The component A contains 2 to 15 percent of adhesive R by mass, wherein the adhesive R at least contains one compound with the nitrogen content of 1 to 2.5 percent and the structure conforming to the general formula (2) and one or more of methyl cellulose, ethyl cellulose, hydroxyethyl cellulose, hydroxypropyl cellulose and carboxymethyl cellulose;

a is a positive integer of 1,2,3 and … …;

b is 0, or a positive integer of 1,2,3, … ….

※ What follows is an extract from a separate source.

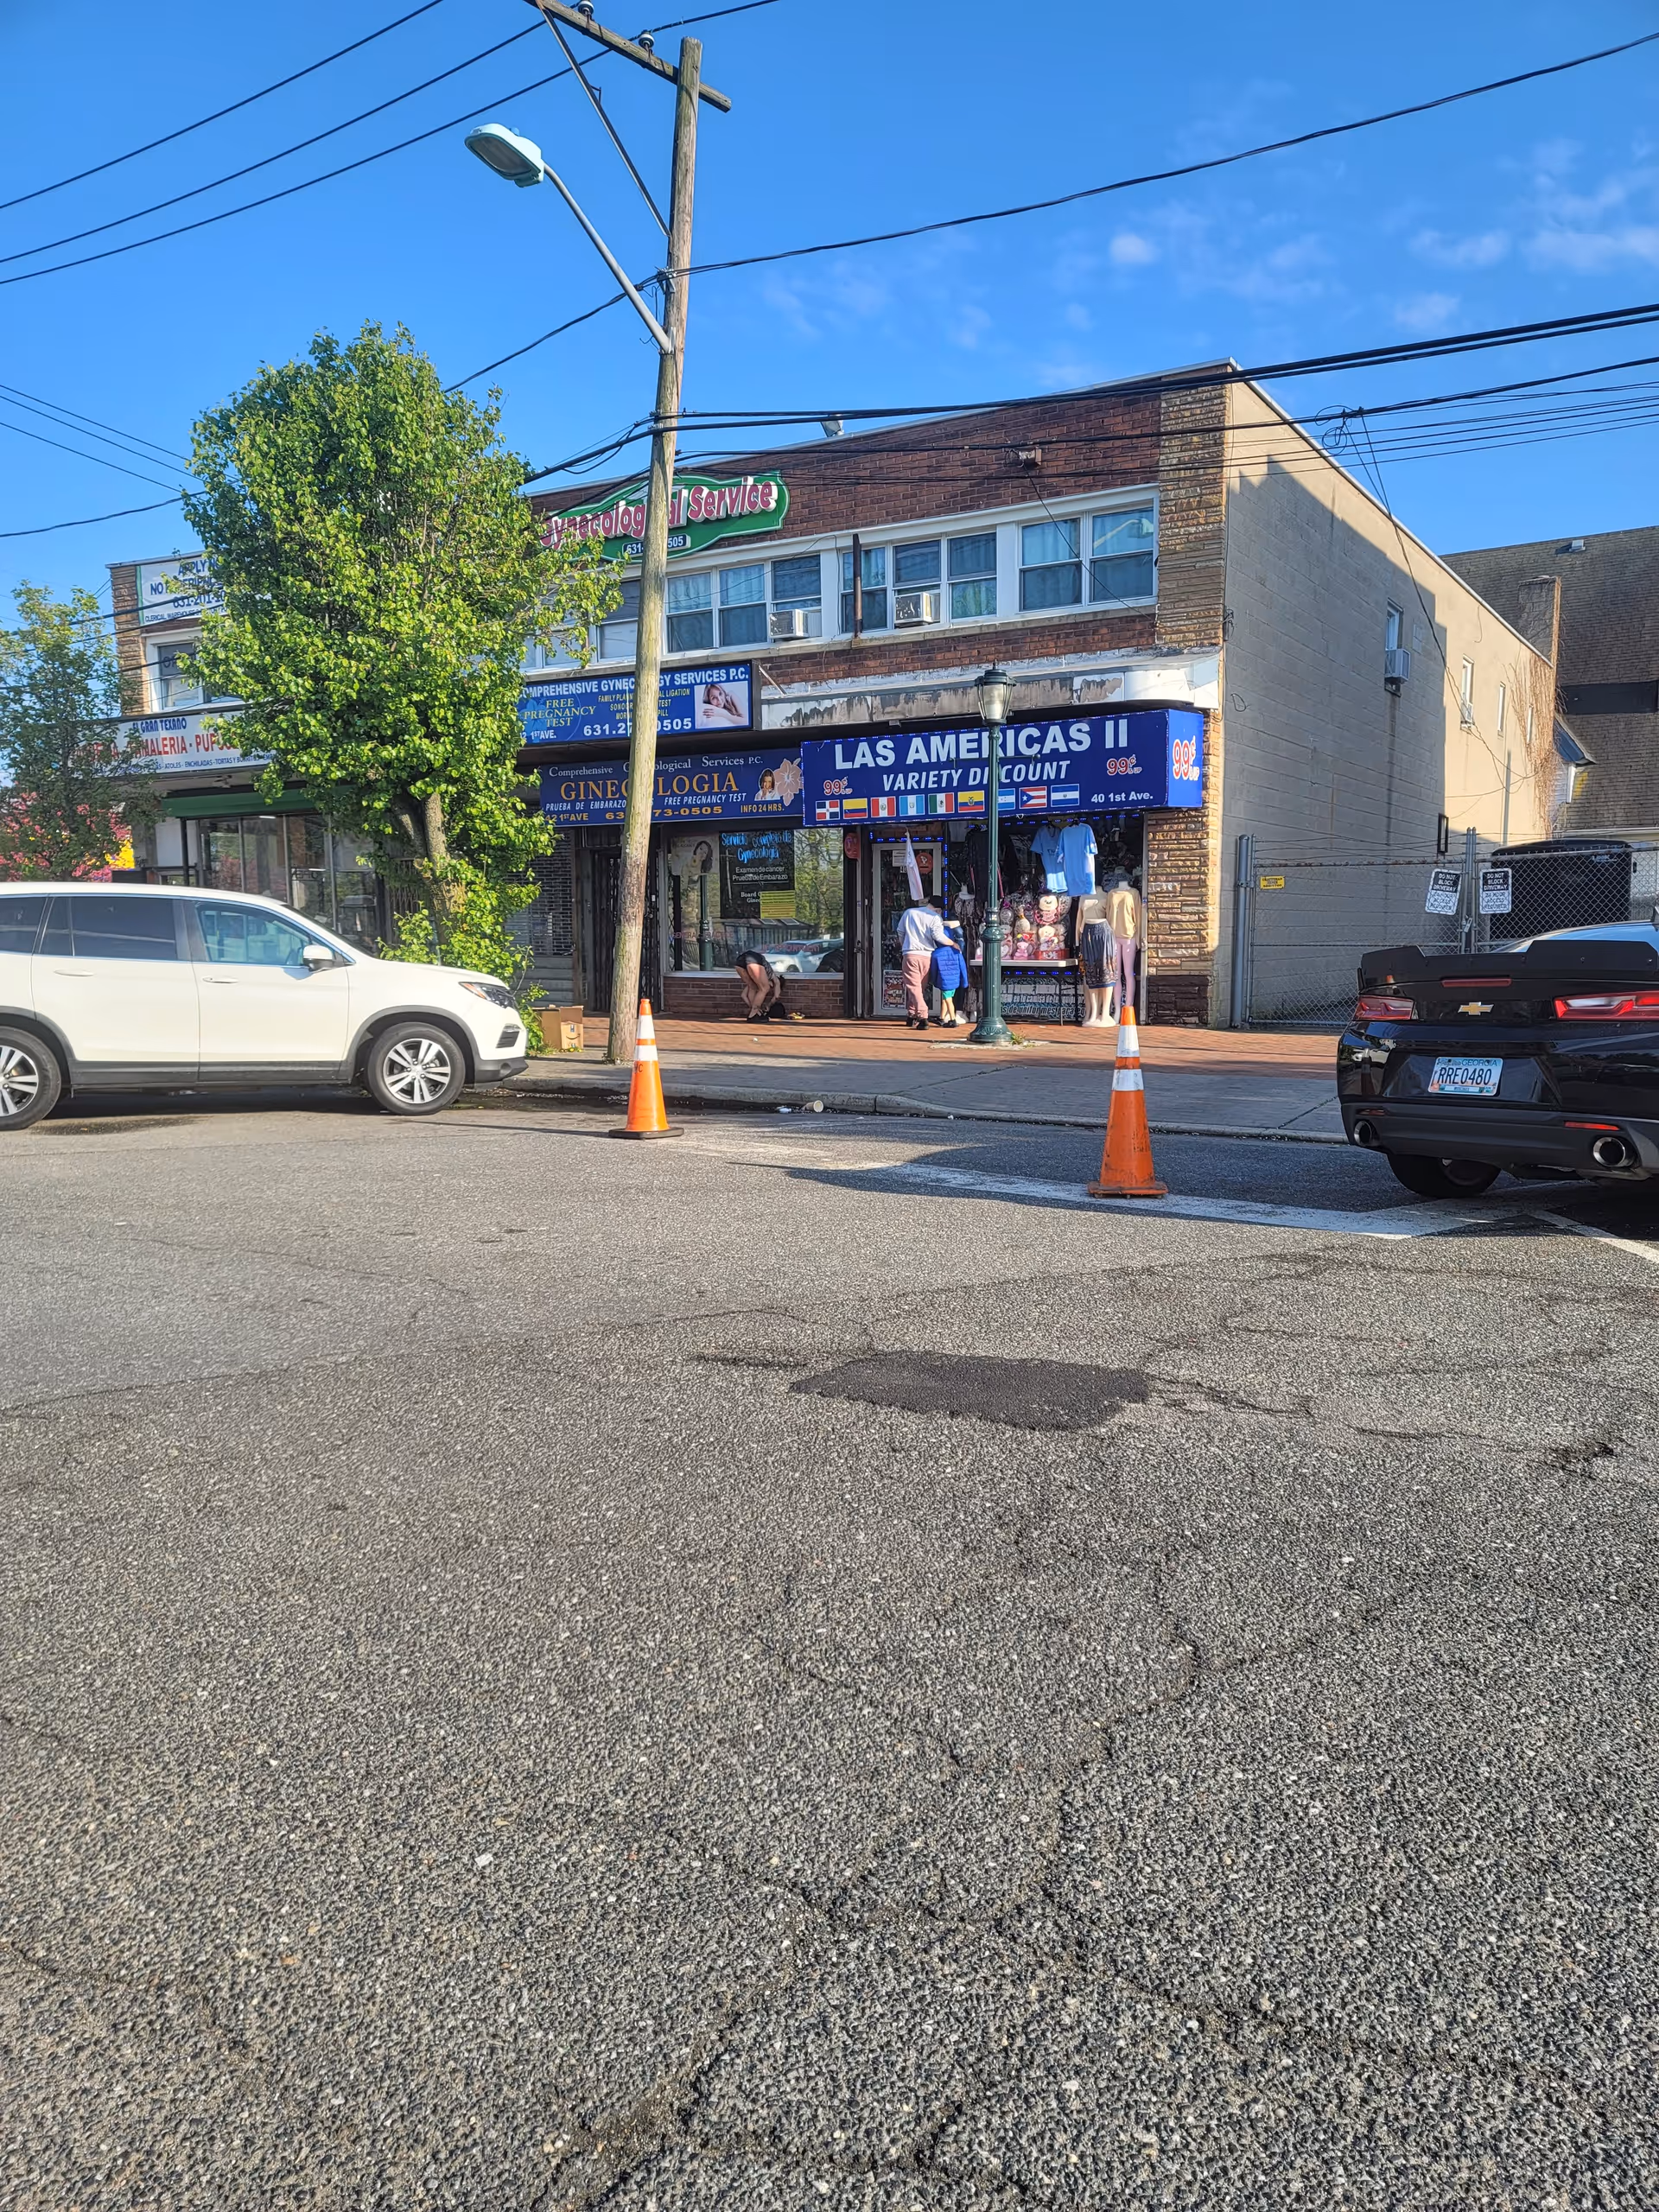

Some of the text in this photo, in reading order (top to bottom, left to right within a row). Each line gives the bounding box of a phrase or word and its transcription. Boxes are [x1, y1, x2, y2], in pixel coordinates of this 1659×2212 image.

As previously mentioned, the present invention provides a tablet-type unit dose automatic dishwasher detergent composition prepared by a two-step tabletting process, wherein step 1 is to prepare component A into granules A by a granulation process. Thus, for the dissolution process of an automatic dishwasher detergent in a unit dose of tablet form, the immediate release after disintegration of the tablet is not the individual components of component a themselves, but the granulated particulate matter a. Therefore, it is very important to select the binder, and if the binding capacity of the binder is too strong, the dissolution performance of the particulate matter a is inevitably greatly affected, and the dissolution in the washing stage may not be completed and may cause residues. The situation is also similar for particulate matter B.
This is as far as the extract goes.